Heap sort, Understanding the basics

367 views Asked by At

As a disclaimer I am new to this site and therefore, do not know very well how to ask questions. Please don't be too harsh because I really am trying to just understand how some of these concepts work. If i am missing understanding near the beginning, please just tell me that so I can start from there and not waste your time with the rest. Here goes nothing. Because I think my understanding might be flawed, I poised some questions about how heaps would act in different areas, and then tried to answer them.

First, I would like help understanding how a random set of numbers added to an empty heap would look. lets say for example, I have 9, 4, 5, 3, 2, 7, 8, 7. After adding it to the heap, what would the heap look like? I can visually understand this (I think) the 9 being the root, 4 being the first left child and so on and so forth, but since this isn't a tree specifically, and is a heap, would it sort the numbers by switching them (see paragraph "if my understanding is correct") so that they are sorted in either min or max order?

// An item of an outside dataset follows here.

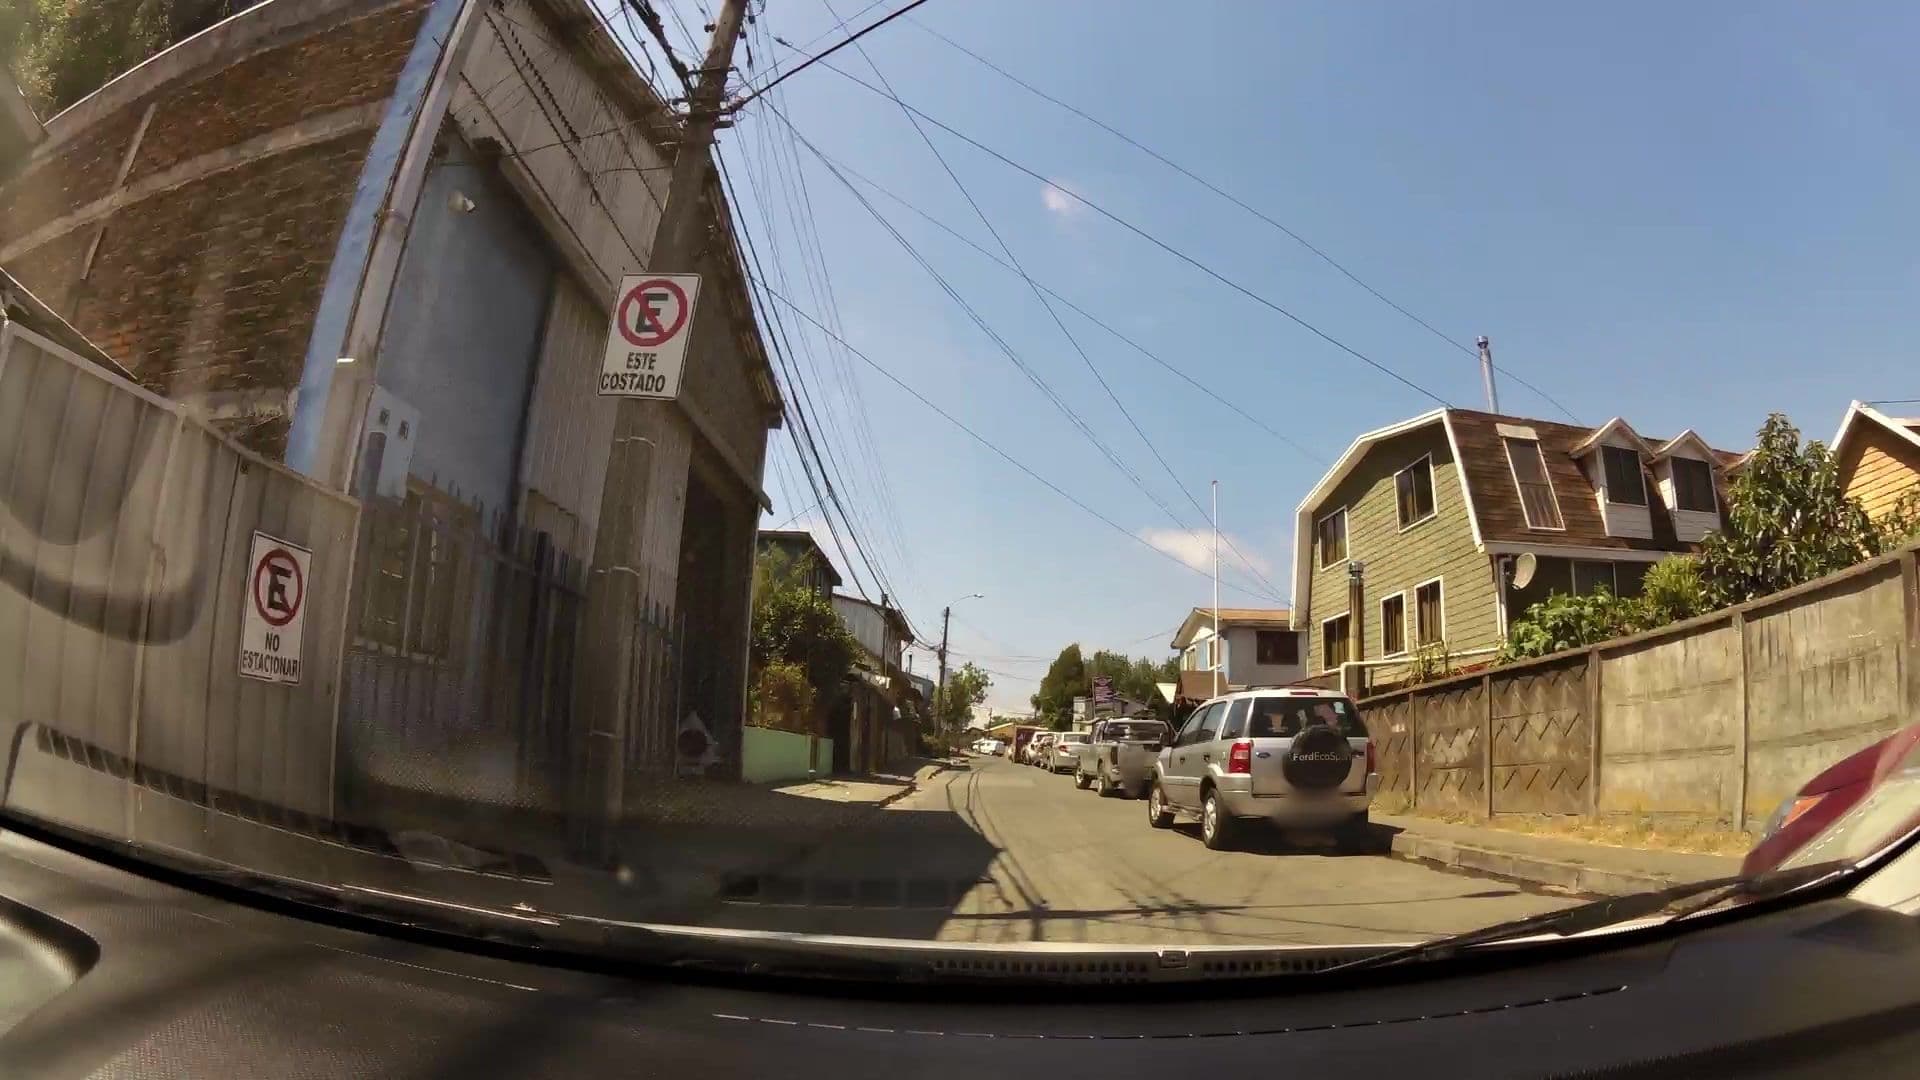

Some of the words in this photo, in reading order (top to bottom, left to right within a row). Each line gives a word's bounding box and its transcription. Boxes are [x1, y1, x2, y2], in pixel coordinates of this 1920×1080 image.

Now lets say we removed the 9 from the heap (I believe the 9 would be the root), how would we respond to this change and then what would then be put into the root? I think here if 9 is the root, we would take the next largest number and copy it into the slot of the nine, while if this was a min heap and we where just removing a node at the bottom, it would just be removed no problem.

Along similar lines, what would a formula to get the parent of the heap item in the array? --I think I understand this, If parent is at i, the left child would be at i*2 and the right child would be at i*2+1. And therefore going to find the parent, we would have to divide i/2 to find the parent. For example if we where at i=7 the parent would be i=3 because 3.5 would be truncated and if we where at point i=6 the parent would also be i=3. From this example the child at i = 7 would be right child of i = 3 while i=6 would be the left child of i = 3.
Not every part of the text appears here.